* EXERCISE REQUIREMENTS *
Give back the full material exactly. Omit no line.

* MATERIAL FOR THIS TASK *
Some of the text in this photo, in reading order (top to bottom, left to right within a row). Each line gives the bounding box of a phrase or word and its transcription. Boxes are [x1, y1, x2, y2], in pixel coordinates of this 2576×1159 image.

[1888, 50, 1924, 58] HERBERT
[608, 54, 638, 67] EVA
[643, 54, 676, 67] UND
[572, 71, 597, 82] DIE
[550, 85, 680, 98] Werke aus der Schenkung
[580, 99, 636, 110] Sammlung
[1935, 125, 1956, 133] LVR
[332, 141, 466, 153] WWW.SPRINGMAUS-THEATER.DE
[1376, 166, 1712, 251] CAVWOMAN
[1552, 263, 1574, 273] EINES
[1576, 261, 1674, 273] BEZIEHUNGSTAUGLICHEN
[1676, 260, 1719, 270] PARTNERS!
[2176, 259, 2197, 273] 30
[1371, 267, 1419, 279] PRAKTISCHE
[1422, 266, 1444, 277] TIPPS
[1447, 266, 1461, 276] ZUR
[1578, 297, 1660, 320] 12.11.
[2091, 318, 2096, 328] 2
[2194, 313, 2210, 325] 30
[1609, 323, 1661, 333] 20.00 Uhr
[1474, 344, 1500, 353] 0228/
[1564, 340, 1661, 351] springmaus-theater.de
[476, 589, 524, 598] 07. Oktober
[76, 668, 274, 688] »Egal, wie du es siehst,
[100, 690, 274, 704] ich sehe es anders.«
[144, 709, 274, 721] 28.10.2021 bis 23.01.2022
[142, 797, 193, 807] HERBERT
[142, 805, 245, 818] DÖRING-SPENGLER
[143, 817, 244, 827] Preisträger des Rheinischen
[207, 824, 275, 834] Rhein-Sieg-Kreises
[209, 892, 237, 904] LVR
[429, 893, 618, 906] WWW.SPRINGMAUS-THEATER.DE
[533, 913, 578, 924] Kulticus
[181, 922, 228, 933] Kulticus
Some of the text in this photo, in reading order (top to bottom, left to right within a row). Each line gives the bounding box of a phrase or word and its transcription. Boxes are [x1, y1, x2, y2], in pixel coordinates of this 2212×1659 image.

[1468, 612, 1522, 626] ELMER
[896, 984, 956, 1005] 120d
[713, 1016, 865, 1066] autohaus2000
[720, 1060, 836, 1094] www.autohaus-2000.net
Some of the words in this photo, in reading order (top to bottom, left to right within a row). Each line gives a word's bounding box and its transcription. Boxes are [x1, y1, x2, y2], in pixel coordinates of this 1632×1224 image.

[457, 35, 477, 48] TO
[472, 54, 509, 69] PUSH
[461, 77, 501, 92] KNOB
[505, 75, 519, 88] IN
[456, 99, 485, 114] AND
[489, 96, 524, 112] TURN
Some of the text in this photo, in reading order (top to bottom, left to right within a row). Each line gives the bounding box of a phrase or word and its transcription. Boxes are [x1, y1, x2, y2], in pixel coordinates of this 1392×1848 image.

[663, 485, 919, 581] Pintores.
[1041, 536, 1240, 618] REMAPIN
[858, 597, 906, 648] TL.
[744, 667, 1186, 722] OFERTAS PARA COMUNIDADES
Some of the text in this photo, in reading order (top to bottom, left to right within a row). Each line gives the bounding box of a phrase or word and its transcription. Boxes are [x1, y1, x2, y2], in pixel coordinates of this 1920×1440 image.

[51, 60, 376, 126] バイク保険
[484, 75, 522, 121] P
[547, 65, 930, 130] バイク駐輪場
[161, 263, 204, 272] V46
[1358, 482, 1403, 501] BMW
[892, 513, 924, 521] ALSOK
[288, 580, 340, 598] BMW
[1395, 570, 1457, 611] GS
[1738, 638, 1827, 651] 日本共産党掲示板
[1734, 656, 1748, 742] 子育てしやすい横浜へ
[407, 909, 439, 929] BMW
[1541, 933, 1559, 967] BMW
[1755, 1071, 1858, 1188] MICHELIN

* RESPONSE AREA *
Some of the text in this photo, in reading order (top to bottom, left to right within a row). Each line gives the bounding box of a phrase or word and its transcription. Boxes are [x1, y1, x2, y2], in pixel coordinates of this 2576×1159 image.

[1888, 50, 1924, 58] HERBERT
[608, 54, 638, 67] EVA
[643, 54, 676, 67] UND
[572, 71, 597, 82] DIE
[550, 85, 680, 98] Werke aus der Schenkung
[580, 99, 636, 110] Sammlung
[1935, 125, 1956, 133] LVR
[332, 141, 466, 153] WWW.SPRINGMAUS-THEATER.DE
[1376, 166, 1712, 251] CAVWOMAN
[1552, 263, 1574, 273] EINES
[1576, 261, 1674, 273] BEZIEHUNGSTAUGLICHEN
[1676, 260, 1719, 270] PARTNERS!
[2176, 259, 2197, 273] 30
[1371, 267, 1419, 279] PRAKTISCHE
[1422, 266, 1444, 277] TIPPS
[1447, 266, 1461, 276] ZUR
[1578, 297, 1660, 320] 12.11.
[2091, 318, 2096, 328] 2
[2194, 313, 2210, 325] 30
[1609, 323, 1661, 333] 20.00 Uhr
[1474, 344, 1500, 353] 0228/
[1564, 340, 1661, 351] springmaus-theater.de
[476, 589, 524, 598] 07. Oktober
[76, 668, 274, 688] »Egal, wie du es siehst,
[100, 690, 274, 704] ich sehe es anders.«
[144, 709, 274, 721] 28.10.2021 bis 23.01.2022
[142, 797, 193, 807] HERBERT
[142, 805, 245, 818] DÖRING-SPENGLER
[143, 817, 244, 827] Preisträger des Rheinischen
[207, 824, 275, 834] Rhein-Sieg-Kreises
[209, 892, 237, 904] LVR
[429, 893, 618, 906] WWW.SPRINGMAUS-THEATER.DE
[533, 913, 578, 924] Kulticus
[181, 922, 228, 933] Kulticus
Some of the text in this photo, in reading order (top to bottom, left to right within a row). Each line gives the bounding box of a phrase or word and its transcription. Boxes are [x1, y1, x2, y2], in pixel coordinates of this 2212×1659 image.

[1468, 612, 1522, 626] ELMER
[896, 984, 956, 1005] 120d
[713, 1016, 865, 1066] autohaus2000
[720, 1060, 836, 1094] www.autohaus-2000.net
Some of the words in this photo, in reading order (top to bottom, left to right within a row). Each line gives a word's bounding box and its transcription. Boxes are [x1, y1, x2, y2], in pixel coordinates of this 1632×1224 image.

[457, 35, 477, 48] TO
[472, 54, 509, 69] PUSH
[461, 77, 501, 92] KNOB
[505, 75, 519, 88] IN
[456, 99, 485, 114] AND
[489, 96, 524, 112] TURN
Some of the text in this photo, in reading order (top to bottom, left to right within a row). Each line gives the bounding box of a phrase or word and its transcription. Boxes are [x1, y1, x2, y2], in pixel coordinates of this 1392×1848 image.

[663, 485, 919, 581] Pintores.
[1041, 536, 1240, 618] REMAPIN
[858, 597, 906, 648] TL.
[744, 667, 1186, 722] OFERTAS PARA COMUNIDADES
Some of the text in this photo, in reading order (top to bottom, left to right within a row). Each line gives the bounding box of a phrase or word and its transcription. Boxes are [x1, y1, x2, y2], in pixel coordinates of this 1920×1440 image.

[51, 60, 376, 126] バイク保険
[484, 75, 522, 121] P
[547, 65, 930, 130] バイク駐輪場
[161, 263, 204, 272] V46
[1358, 482, 1403, 501] BMW
[892, 513, 924, 521] ALSOK
[288, 580, 340, 598] BMW
[1395, 570, 1457, 611] GS
[1738, 638, 1827, 651] 日本共産党掲示板
[1734, 656, 1748, 742] 子育てしやすい横浜へ
[407, 909, 439, 929] BMW
[1541, 933, 1559, 967] BMW
[1755, 1071, 1858, 1188] MICHELIN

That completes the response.